L'induction du travail, ou déclenchement artificiel de l'accouchement, est une intervention médicale visant à initier le processus de l'accouchement lorsque celui-ci ne démarre pas spontanément. Plusieurs méthodes existent pour déclencher le travail, allant des approches mécaniques aux interventions pharmacologiques. Parmi ces dernières, l'utilisation de suppositoires contenant des prostaglandines est parfois envisagée. Cet article explore les indications potentielles et les considérations importantes relatives à l'utilisation de suppositoires pour déclencher l'accouchement.
Indication et méthodes de déclenchement
Le déclenchement du travail peut être envisagé lorsque le terme de la grossesse est dépassé, généralement à partir de 41 semaines d'aménorrhée, à condition que le col soit favorable et après avoir informé la femme enceinte et obtenu son accord. Il peut également être indiqué en cas de rupture prématurée de la poche des eaux, de certaines complications maternelles ou fœtales, ou sur demande de la patiente, sous certaines conditions.
Plusieurs méthodes sont disponibles pour déclencher le travail, notamment :
- Prostaglandines: Administration intravaginale de gel de prostaglandines (E2) ou utilisation d'un tampon vaginal (PropessⓇ) contenant des prostaglandines.
- Ocytocine: Perfusion intraveineuse d'ocytocine associée à une rupture artificielle de la poche des eaux.
- Méthodes mécaniques: Utilisation d'un ballonnet inséré dans le col utérin ou décollement des membranes.
Le choix de la méthode dépend de l'état du col utérin, des antécédents médicaux de la patiente et des préférences de l'équipe médicale.
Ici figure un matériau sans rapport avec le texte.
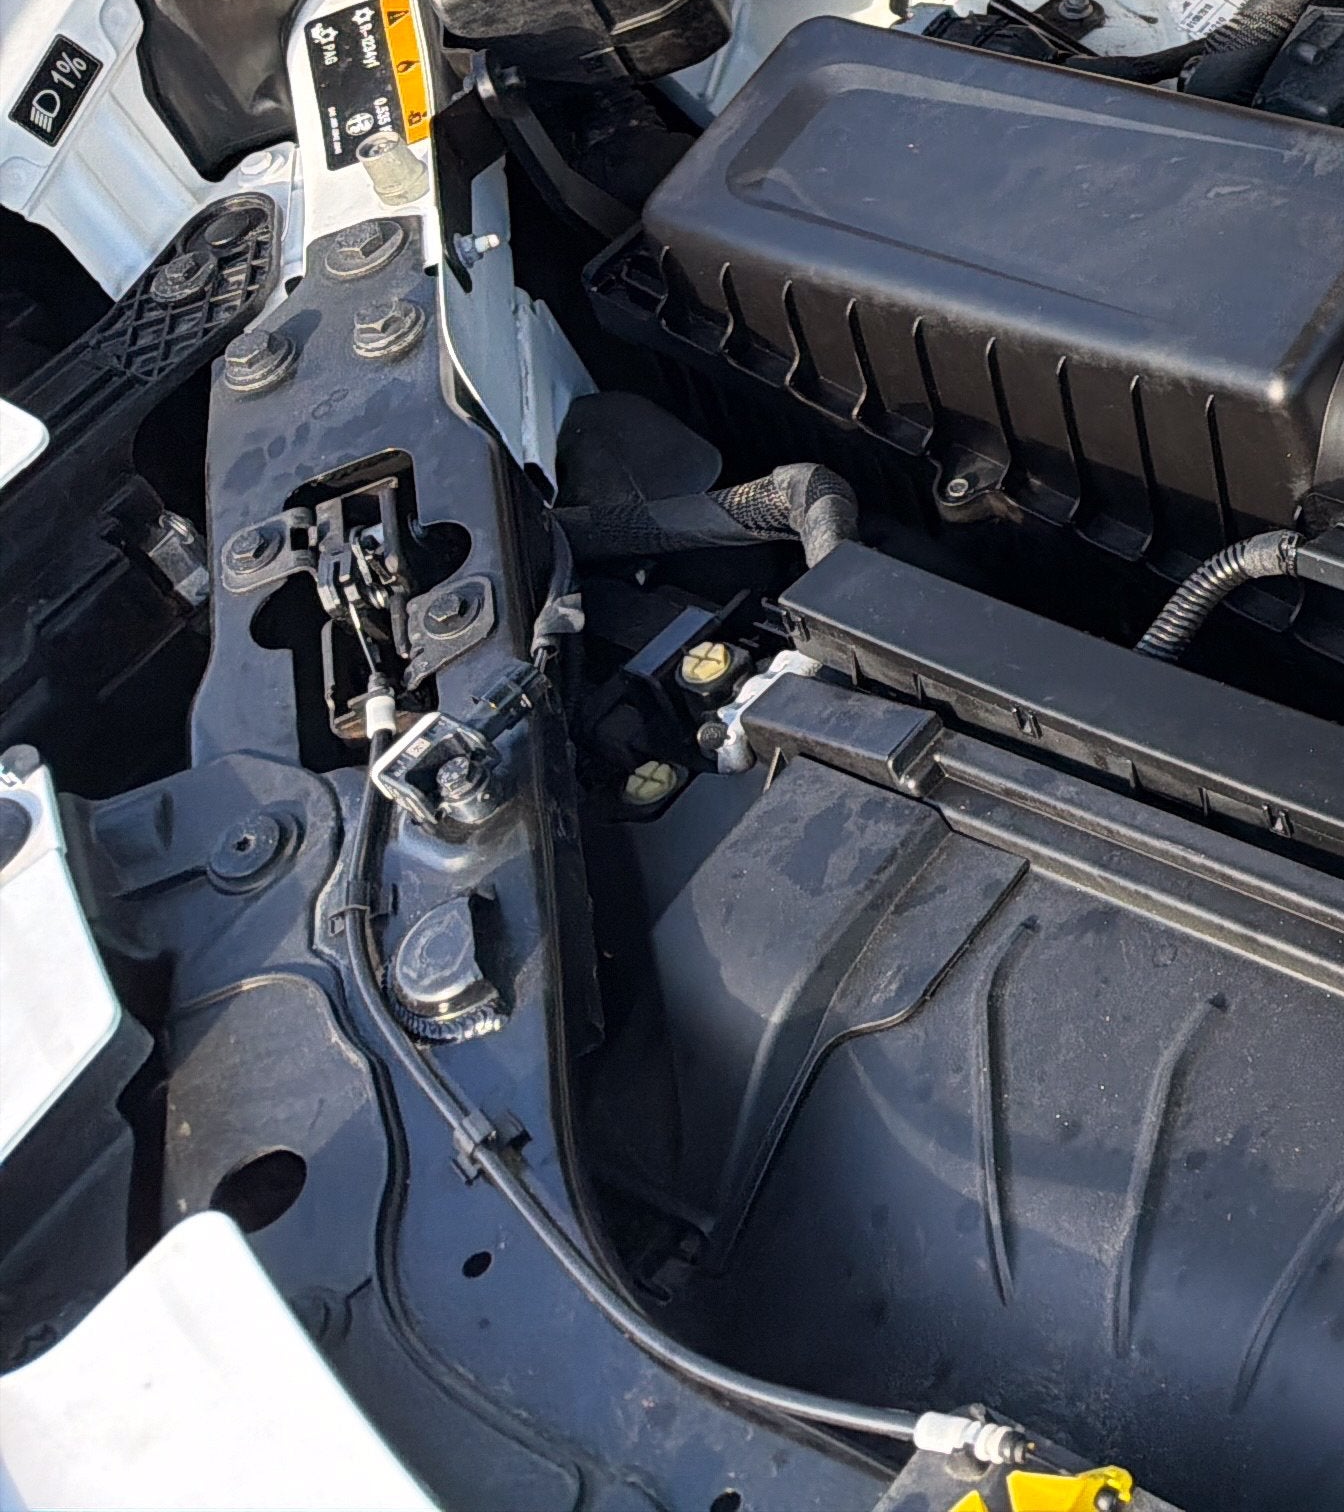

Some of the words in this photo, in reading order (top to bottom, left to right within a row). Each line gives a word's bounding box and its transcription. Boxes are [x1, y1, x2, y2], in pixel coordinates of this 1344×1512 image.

Le rôle des prostaglandines
Les prostaglandines jouent un rôle essentiel dans la maturation cervicale, un processus qui prépare le col de l'utérus à l'accouchement. Elles favorisent la relaxation des fibres musculaires lisses du col, ce qui entraîne son ramollissement, son raccourcissement et sa dilatation. Elles stimulent aussi les contractions utérines. L'utilisation de prostaglandines E2 est préférable à l'utilisation de l'ocytocine pour le déclenchement du travail quand le col est immature.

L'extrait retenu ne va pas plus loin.